A disputa eleitoral no estado de São Paulo revelou novamente as prioridades do PSOL e seus financiadores, com a deputada federal Erika Hilton utilizando o seu acesso para questionar os critérios internos da legenda após ter sido uma das principais beneficiárias de recursos na última campanha.
Segundo a O Antagonista, em 2022, Erika foi identificada como a novata mais privilegiada dentro do partido nas disputas pela Câmara dos Deputados, um indicativo preocupante sobre o direcionamento financeiro da legenda e sua relação com grupos específicos. A parlamentar acumulou R$1,52 milhão na campanha eleitoral – uma quantia consideravelmente superior à de outros candidatos novatos –, impulsionada por financiamento estadual no valor de R$ 1,42 milhões, colocando-a entre os principais recebedores da legenda no estado.

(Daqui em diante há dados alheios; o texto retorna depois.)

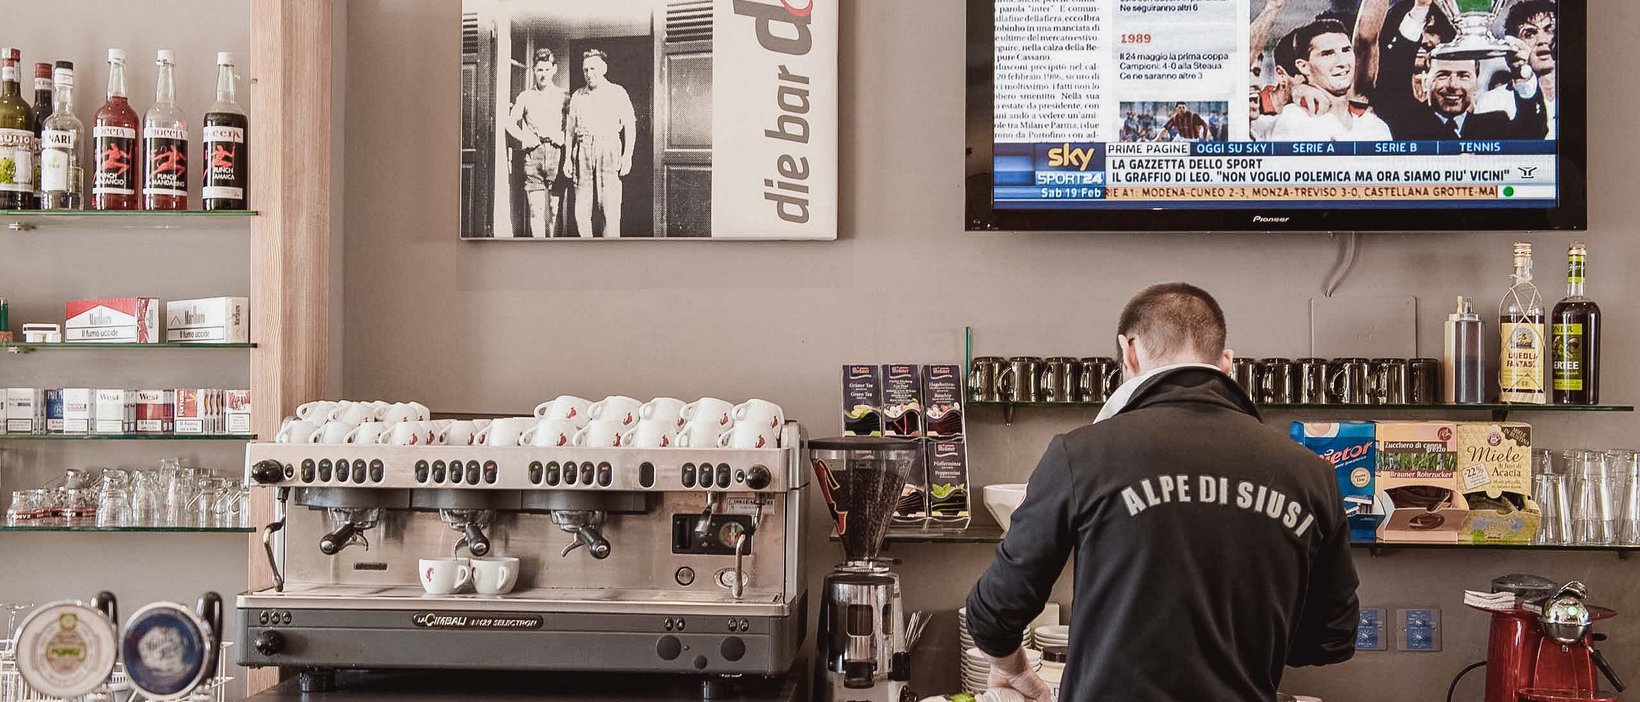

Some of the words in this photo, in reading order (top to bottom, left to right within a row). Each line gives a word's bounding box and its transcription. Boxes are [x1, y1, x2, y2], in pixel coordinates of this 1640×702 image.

[1000, 5, 1025, 14] parola
[1132, 5, 1176, 13] seguiranno
[1121, 33, 1152, 44] 1989
[1137, 53, 1168, 62] maggio
[1178, 53, 1201, 62] prima
[1202, 54, 1229, 62] coppa
[764, 64, 810, 144] bar
[0, 135, 31, 145] ULIO
[1028, 131, 1066, 139] Portofino
[1108, 144, 1142, 154] PRIME
[1146, 144, 1188, 154] PAGINE
[1196, 143, 1225, 154] OGGI
[1228, 143, 1243, 153] SU
[1246, 143, 1267, 153] SKY
[1292, 143, 1323, 153] SERIE
[1326, 143, 1335, 153] A
[1374, 143, 1407, 153] SERIE
[1410, 143, 1418, 153] B
[1459, 142, 1501, 152] TENNIS
[1047, 143, 1094, 171] sky
[1112, 159, 1126, 170] LA
[1129, 159, 1186, 170] GAZZETTA
[1189, 159, 1223, 170] DELLO
[1226, 158, 1263, 169] SPORT
[156, 173, 177, 181] PUNCH
[1037, 172, 1104, 186] SPORT24
[1112, 172, 1122, 182] IL
[1125, 172, 1172, 182] GRAFFIO
[1175, 172, 1186, 182] DI
[1190, 172, 1214, 183] LEO.
[1217, 171, 1246, 182] "NON
[1250, 171, 1290, 182] VOGLIO
[1294, 171, 1351, 182] POLEMICA
[1355, 171, 1373, 182] MA
[1376, 171, 1399, 182] ORA
[1403, 171, 1442, 182] SIAMO
[1445, 170, 1466, 181] PIU'
[1470, 169, 1510, 181] VICINI"
[764, 154, 810, 224] die
[1041, 187, 1062, 198] Sab
[1065, 187, 1077, 198] 19
[1080, 187, 1102, 198] Feb
[1122, 188, 1138, 198] A1:
[1142, 188, 1225, 198] MODENA-CUNEO
[1229, 187, 1249, 199] 2-3,
[1252, 187, 1337, 197] MONZA-TREVISO
[1341, 187, 1361, 198] 3-0,
[1364, 187, 1430, 197] CASTELLANA
[1252, 215, 1290, 223] Pioneer
[87, 329, 100, 338] fumo
[100, 328, 119, 337] uccide
[183, 331, 195, 339] fumo
[195, 330, 210, 338] uccide
[139, 393, 159, 401] West
[1384, 442, 1413, 450] Zucchero
[1414, 442, 1421, 450] di
[1466, 446, 1523, 462] Miele
[1491, 466, 1522, 477] Acacia
[1120, 474, 1191, 517] ALPE
[1199, 475, 1228, 505] DI
[1236, 480, 1315, 538] SIUSI
[425, 613, 468, 627] CIMBALI
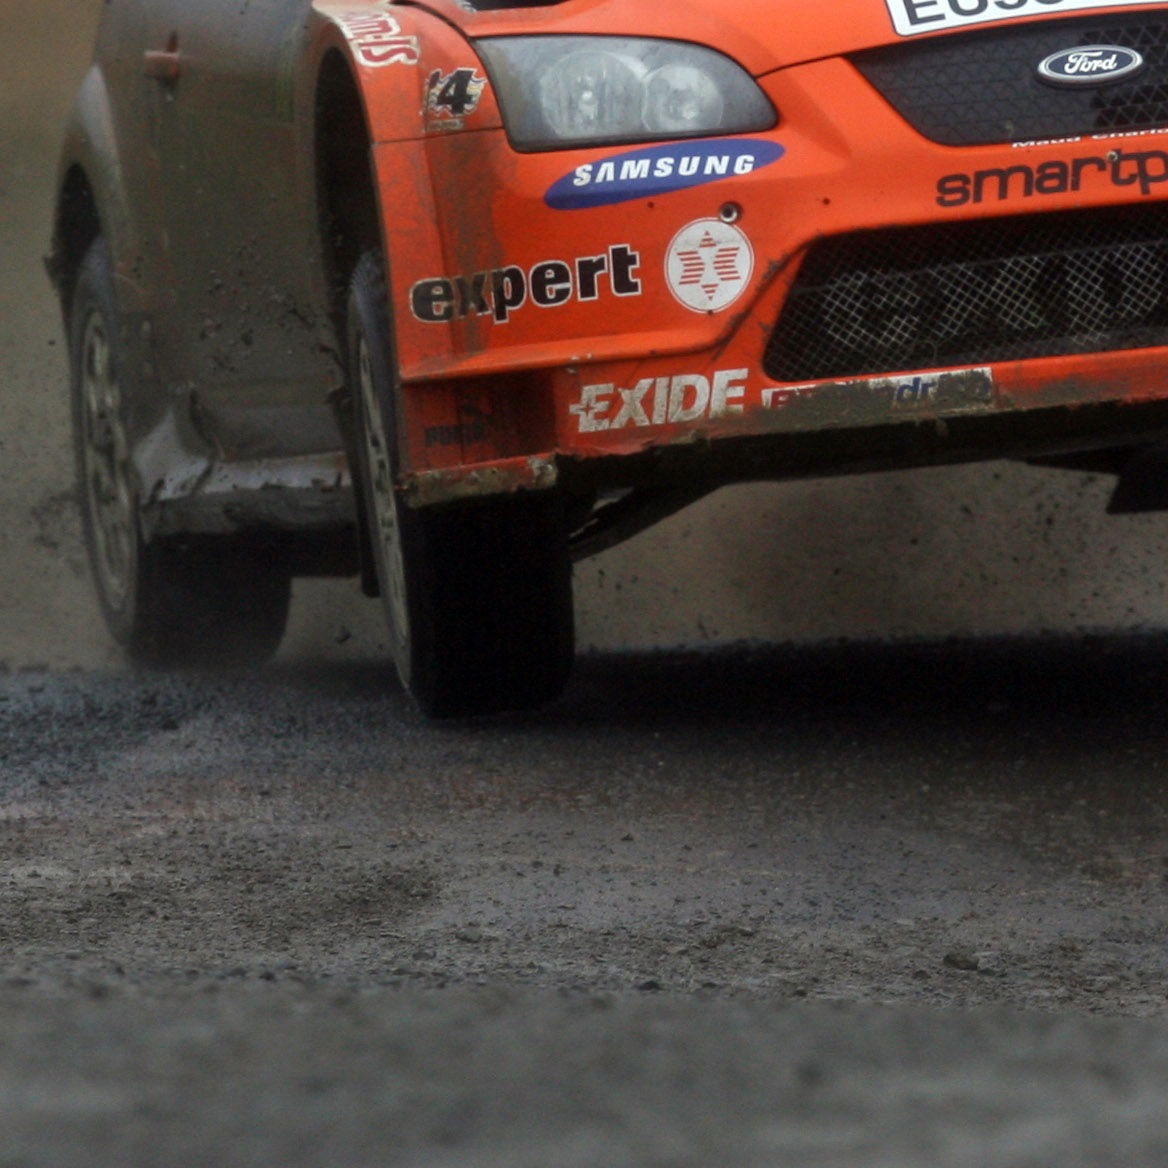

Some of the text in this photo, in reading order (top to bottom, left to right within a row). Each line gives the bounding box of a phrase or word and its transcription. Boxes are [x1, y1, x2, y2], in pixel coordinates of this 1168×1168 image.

O volume elevado de recursos direcionado a Erika contrastava com o recebimento de valores menores para outras figuras emergentes do PSOL e outros candidatos na disputa proporcional, como Sônia Guajajara (R$ 1,34 milhão) que também era novata naquele pleito. A disparidade sugere um padrão no financiamento da legenda onde determinados indivíduos são priorizados em detrimento de outros membros com propostas semelhantes. Essa prática levanta questões sobre a real representatividade do PSOL e sua capacidade de atender à diversidade ideológica dentro do próprio partido, como notou a O Antagonista.

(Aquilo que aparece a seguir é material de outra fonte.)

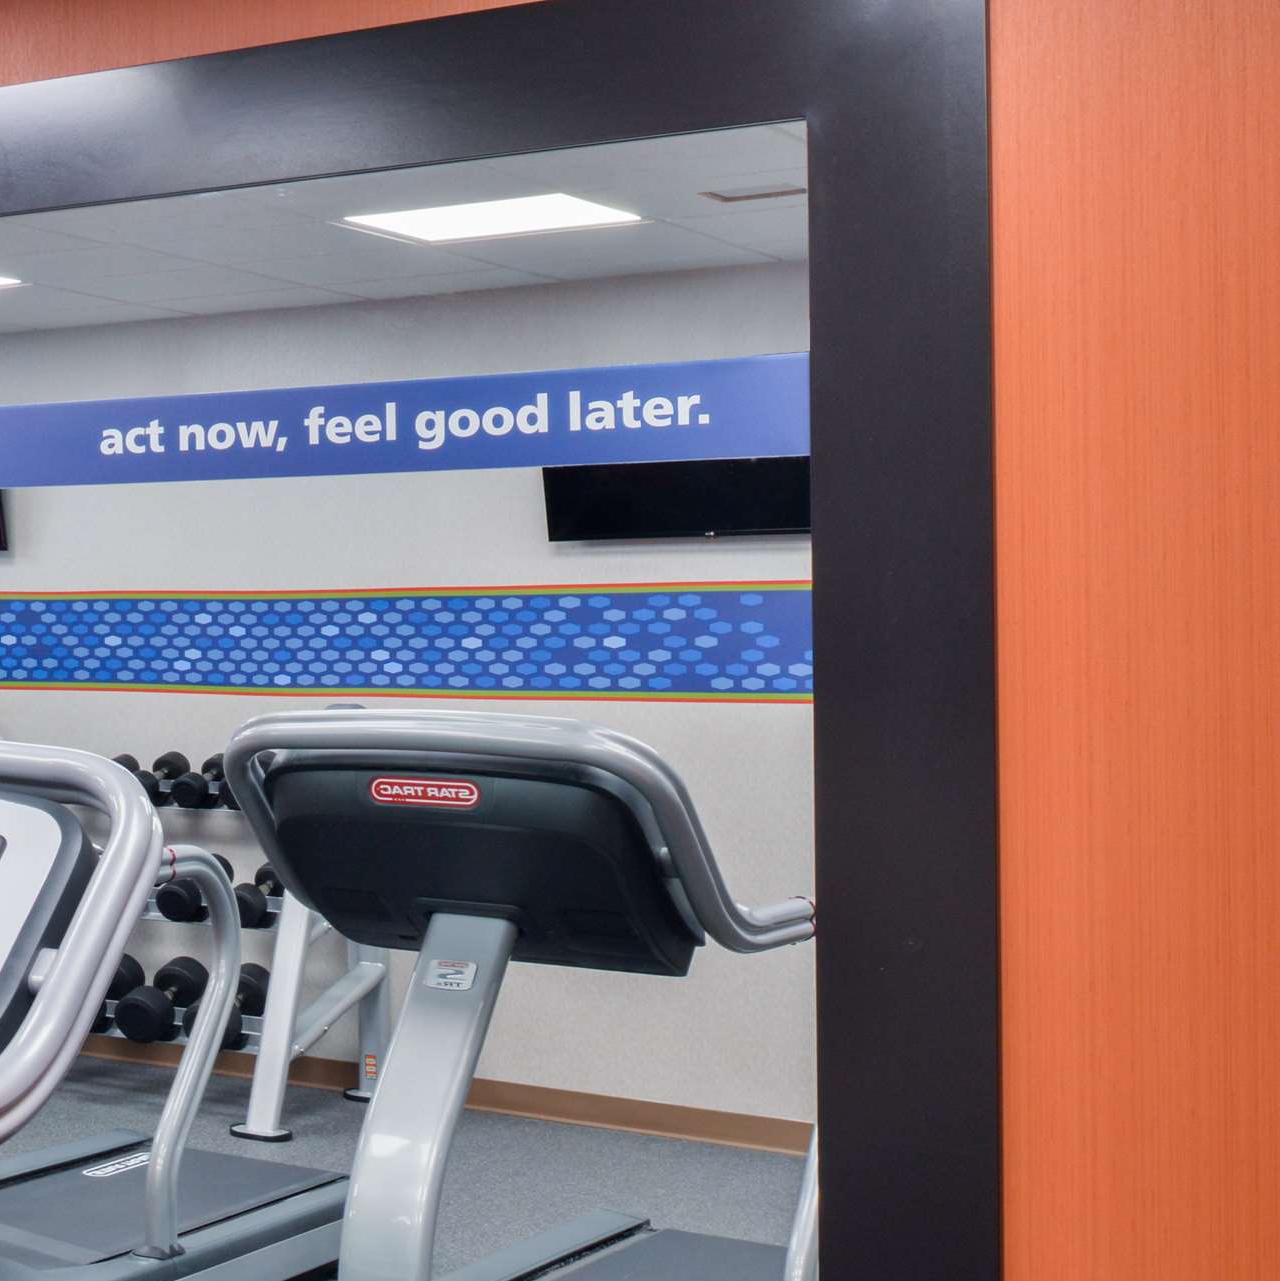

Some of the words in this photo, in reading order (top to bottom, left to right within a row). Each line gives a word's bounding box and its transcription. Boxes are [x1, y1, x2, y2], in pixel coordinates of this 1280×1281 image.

[99, 419, 165, 456] act
[178, 420, 288, 452] now,
[304, 402, 397, 445] feel
[414, 392, 549, 450] good
[568, 390, 710, 432] later.
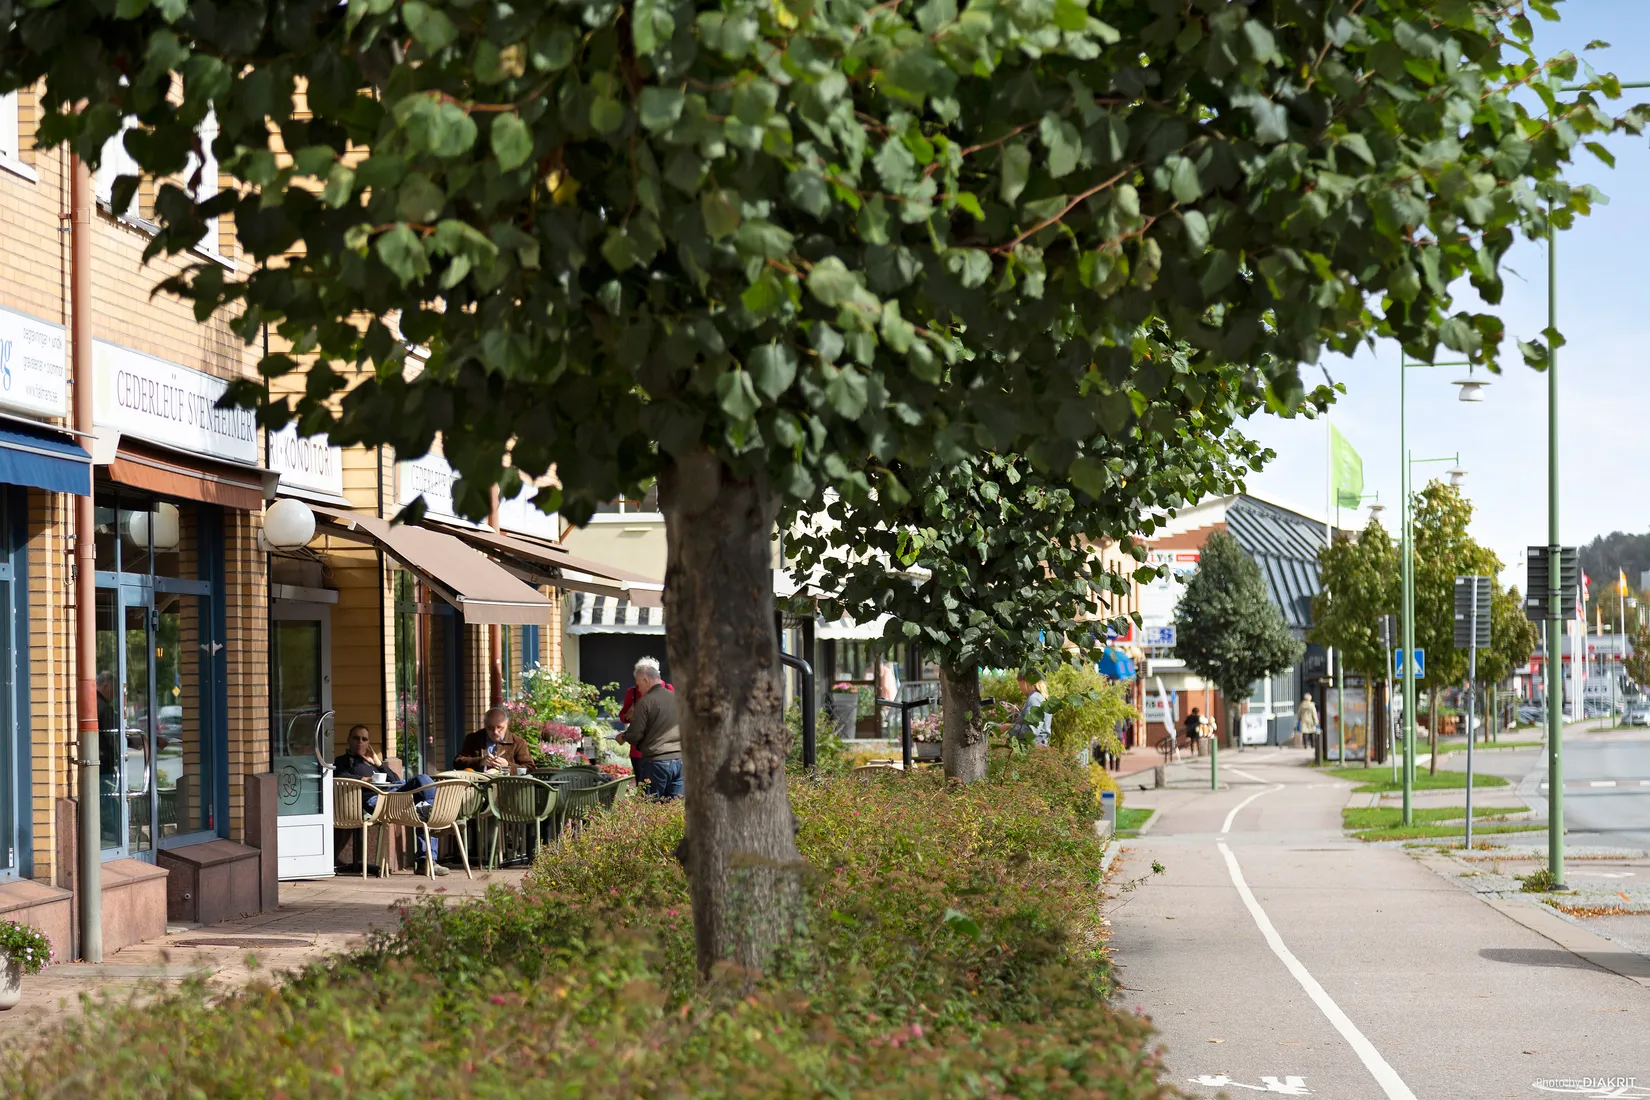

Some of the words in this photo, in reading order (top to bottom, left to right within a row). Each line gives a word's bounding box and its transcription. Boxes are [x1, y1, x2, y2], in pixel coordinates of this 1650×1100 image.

[117, 369, 184, 422] CEDERLEÜF
[188, 391, 254, 443] SVENHEIMER
[285, 435, 333, 477] KONDITORI

A reclamação pública de Erika Hilton contra Juliano Medeiros, presidente da Federação PSOL-Rede que na época disputava uma vaga na Câmara com o mesmo status prioritário, expõe um cenário preocupante: privilégios concedidos por acordos internos do partido sem transparência ou justificativa ideológica. Os custos das campanhas também demonstram essa disparidade; Erika Hilton gastou R$ 5,80 por voto, enquanto Boulos arrecadou apenas R$2,80 por voto – evidenciando a concentração de recursos em poucas mãos e o potencial para manipulação eleitoral dentro do PSOL.